Hashing

  1. What problem that both linear and non-linear hashing suffer from is solved by double hashing?

  2. Given 5 buckets, numbered 0, 1, 2, 3, 4, each with a capacity for two records, show the result of inserting the records with the keys: 16, 7, 15, 34, 24, 25, 75, 14, 39, into the appropriate buckets, using the linear probing hashing function
    	h(K) = [K + (i-1)] mod 5
    
  3. On average, how many buckets had to be read to insert each record?

  4. How would this number change (calculate it) if we used instead the non-linear probing hashing function h(K) = [K + (i-1)²] mod 5 to insert the same records?

  5. Double hashing overcomes secondary clustering by using two different hashing functions as in: h(k) = (h1(k) + (i-1)h2(k)) mod N. Is it possible to overcome secondary clustering with only a single hashing function? If so, describe the method, and if not, explain why.

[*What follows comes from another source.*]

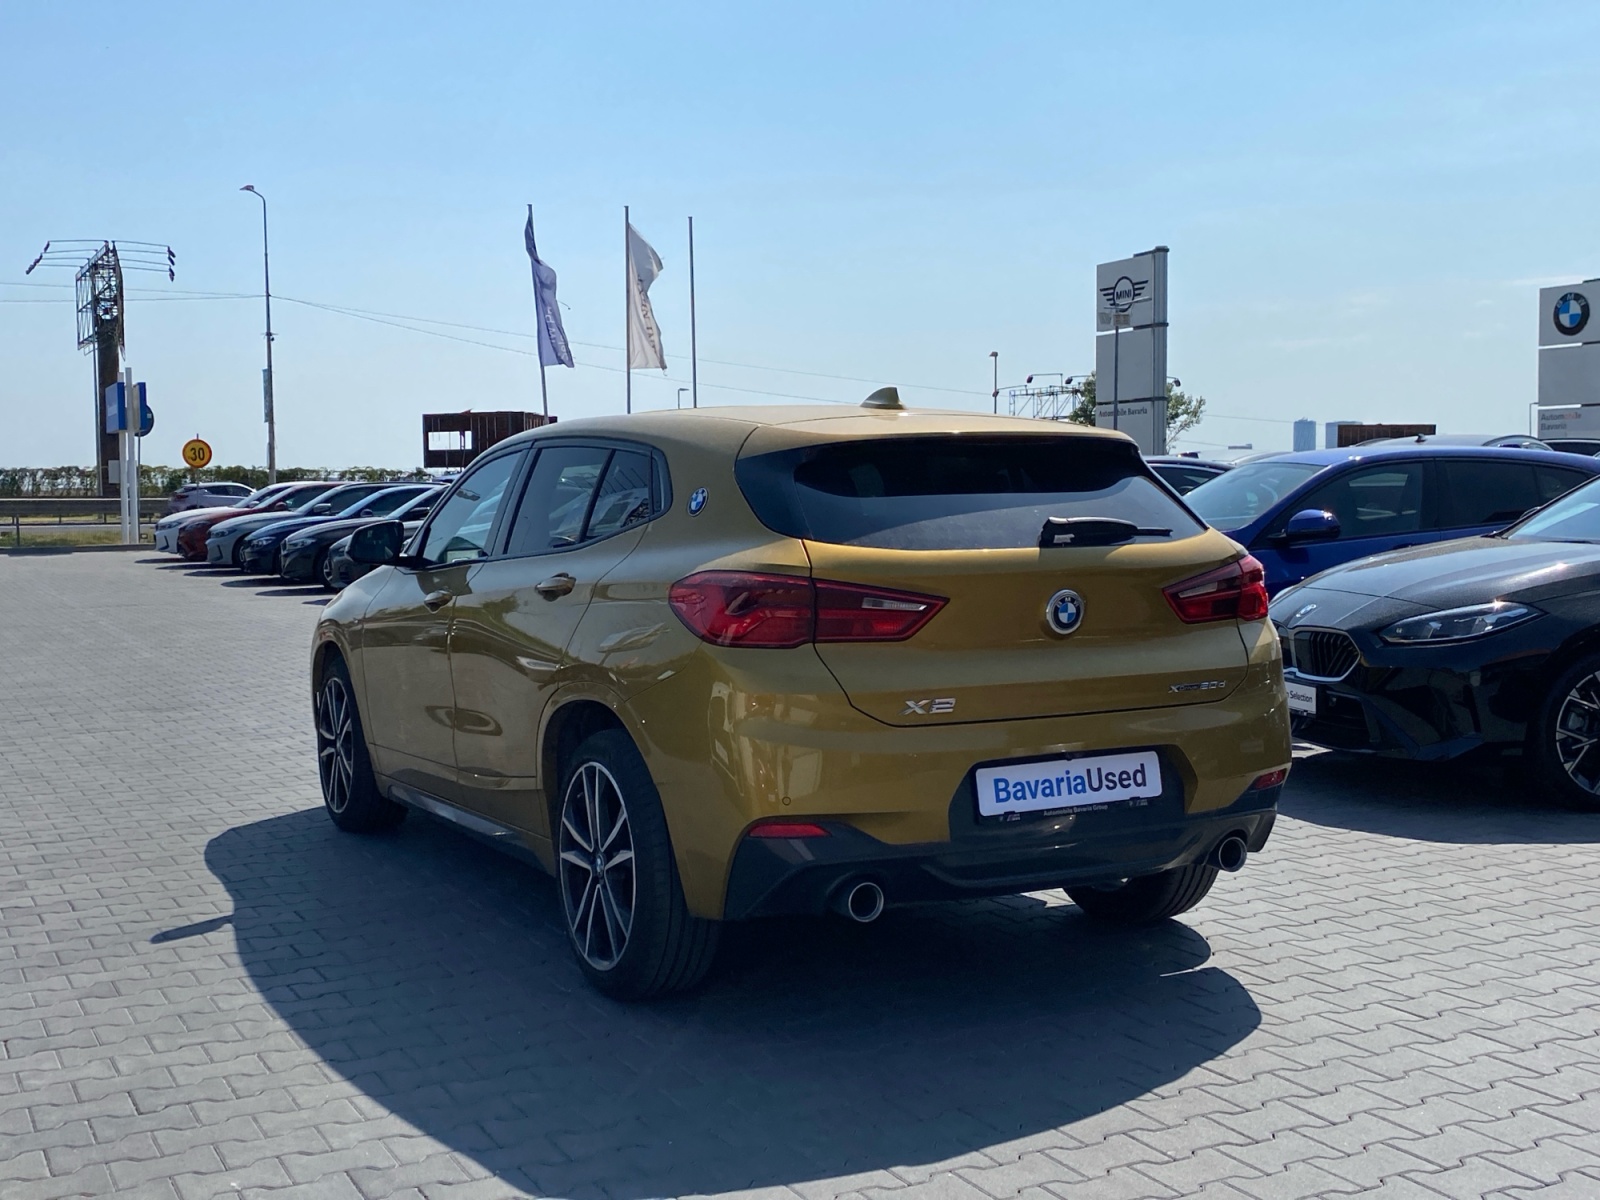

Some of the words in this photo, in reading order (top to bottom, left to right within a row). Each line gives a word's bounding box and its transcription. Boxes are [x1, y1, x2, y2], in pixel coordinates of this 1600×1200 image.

  6. What is the advantage of using a direct file, in which the location of flight reservations is based on a hash value of the reservation number, for storing records in the term project?

Virtual Hashing

  1. In the virtual hashing method with a total of M initial buckets, and an initial hashing function of h(K) = K mod M which of the following occurs when a bucket B overflows for the second time?

Table-assisted Hashing

  1. A certain file is stored in buckets using the simple table-assisted hashing method described in class. There are four buckets, each of which can hold up to 3 records. The initial contents of this file and of the maxKey table are shown in the figure below. The hash function is h(K,i) = (K + i-1) mod 4. Show the state of the file and of the maxKey table following the insertion of a record with key 28 into the file.
    Bucket maxKey contents
    0 16 4 16 8
    1 43 9 43 25
    2 26 18 26
    3 19 7 3 19

  2. What is the maximum number of buckets that must be accessed during the search for a record?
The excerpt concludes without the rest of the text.